To not be alone? Because appearance doesn't really matter that much and we're not that shallow?


----------



## SD92 (Nov 9, 2013)

Probably. But I'd be gutted if they didn't find me pysically attractive.


----------



## Kovu (Jun 18, 2013)

I have a great muscular body and personality so if they liked that yes


----------



## Wings of Amnesty (Aug 5, 2015)

meepie said:


> So you'd date and then possibly be in a relationship with a woman that doesn't find you attractive?
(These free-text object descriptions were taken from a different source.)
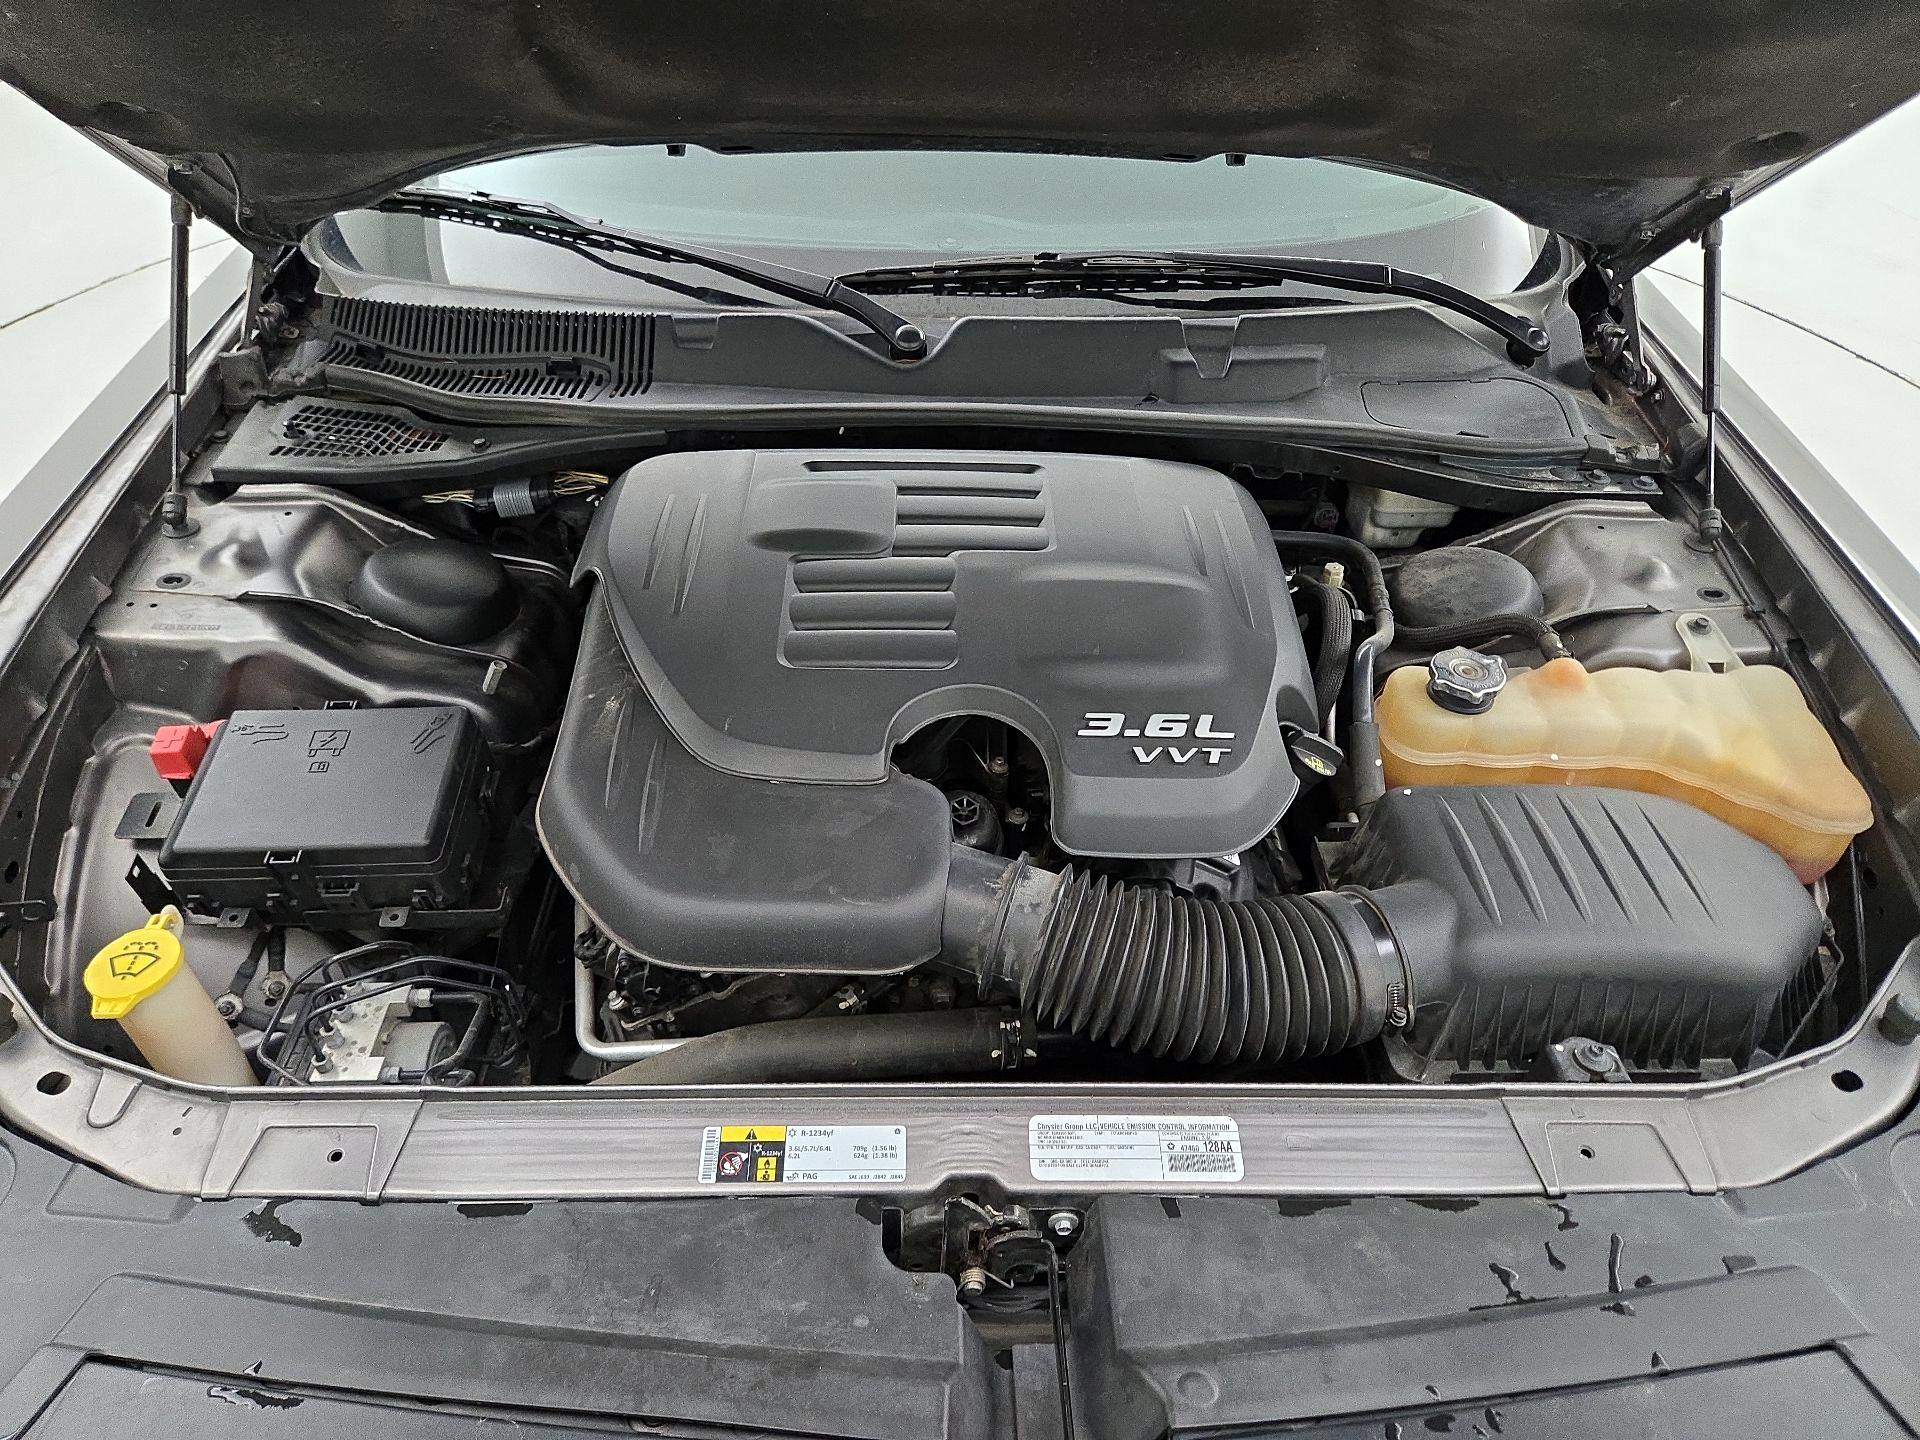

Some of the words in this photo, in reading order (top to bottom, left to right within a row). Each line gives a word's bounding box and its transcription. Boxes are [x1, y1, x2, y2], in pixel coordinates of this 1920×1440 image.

[1077, 712, 1235, 739] 3.6L
[1132, 746, 1232, 764] VVT
[1037, 1122, 1062, 1130] Chrysler
[1064, 1122, 1083, 1130] Group
[1099, 1122, 1125, 1130] VEHICLE
[1127, 1122, 1156, 1130] EMISSION
[1158, 1122, 1185, 1130] CONTROL
[1187, 1123, 1230, 1131] INFORMATION
[801, 1129, 834, 1138] R-1234yf
[788, 1144, 832, 1152] 3.6L/5.7L/6.4L
[852, 1145, 868, 1153] 709g
[1203, 1140, 1233, 1152] 128AA
[853, 1152, 868, 1160] 624g
[889, 1152, 898, 1160] lb)
[802, 1172, 818, 1180] PAG
It's almost telling me you'd be okay with her telling you that you're ugly as long as she's with you and you're not alone. How does that work? Isn't the point of dating and being in a relationship finding the other person incredibly attractive in all ways? It doesn't matter how that physical attraction is reached -- whether through finding that person's personality attractive and then the physical attraction follows or finding the person incredibly physically attractive right away. It has to be there or there is no chemistry or passion in a relationship.
> 
> *Now if you're talking about casual sex and that's all you're looking for that's a different story,* I guess people do whatever they like in that situation because all they want there is to be close physically.
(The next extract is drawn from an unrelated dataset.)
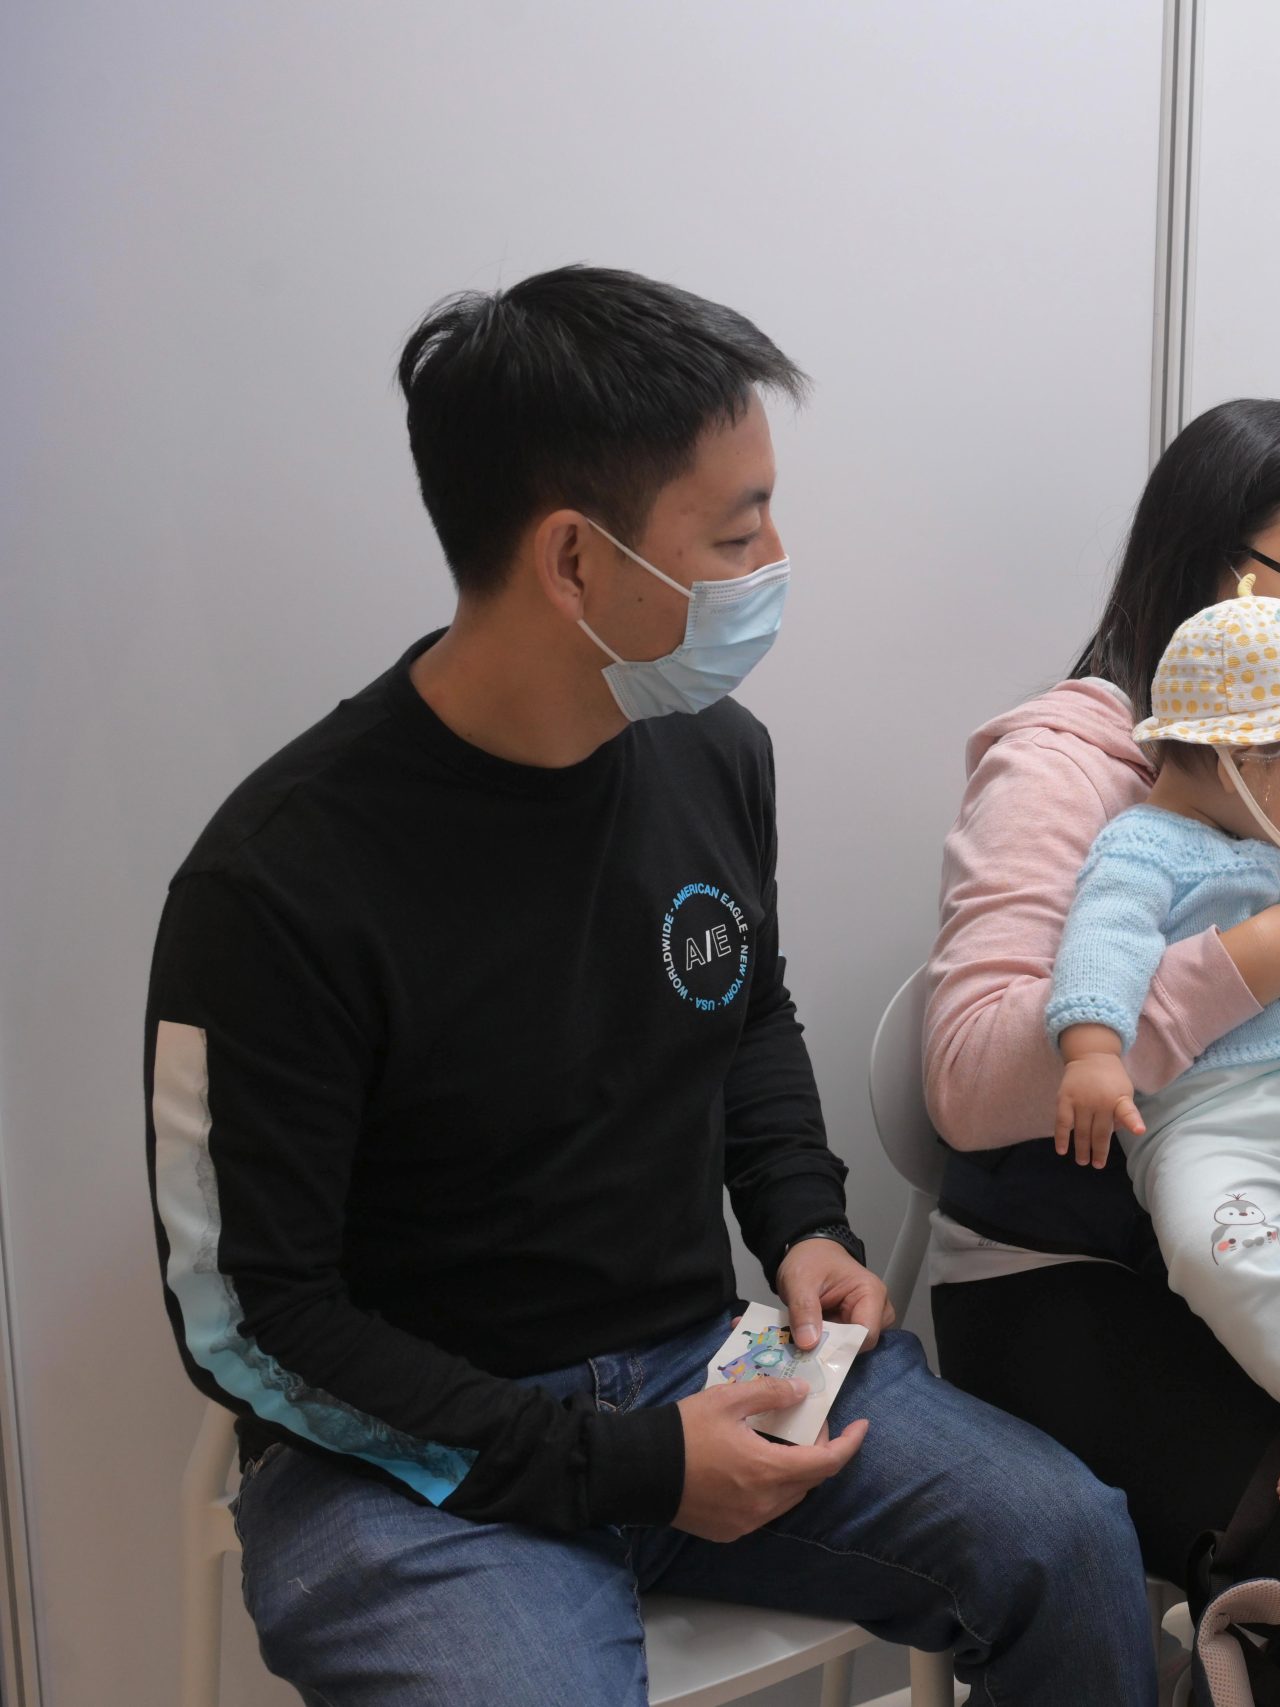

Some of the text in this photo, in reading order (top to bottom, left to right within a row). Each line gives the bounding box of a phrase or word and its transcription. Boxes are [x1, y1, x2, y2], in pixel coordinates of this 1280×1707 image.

I feel like that should be flipped, wouldn't casual sex be all about the physical attraction? Otherwise why not just masturbate. No, I don't think the point of being in a relationship is just having a hot gf, I think the point of being in a relationship is to have someone to share your feelings and life with, and to have a close connection and not feel alone. It seems really shallow to me, to not date someone just because of what they look like.


----------



## AussiePea (Mar 27, 2007)

Wings of Amnesty said:


> I feel like that should be flipped, wouldn't casual sex be all about the physical attraction? Otherwise why not just masturbate. No, I don't think the point of being in a relationship is just having a hot gf, I think the point of being in a relationship is to have someone to share your feelings and life with, and to have a close connection and not feel alone. It seems really shallow to me, to not date someone just because of what they look like.


It's isn't "just because of what they look like" though, it's simply being with someone who you personally find physically attractive but also ticks all the other important boxes in a relationship.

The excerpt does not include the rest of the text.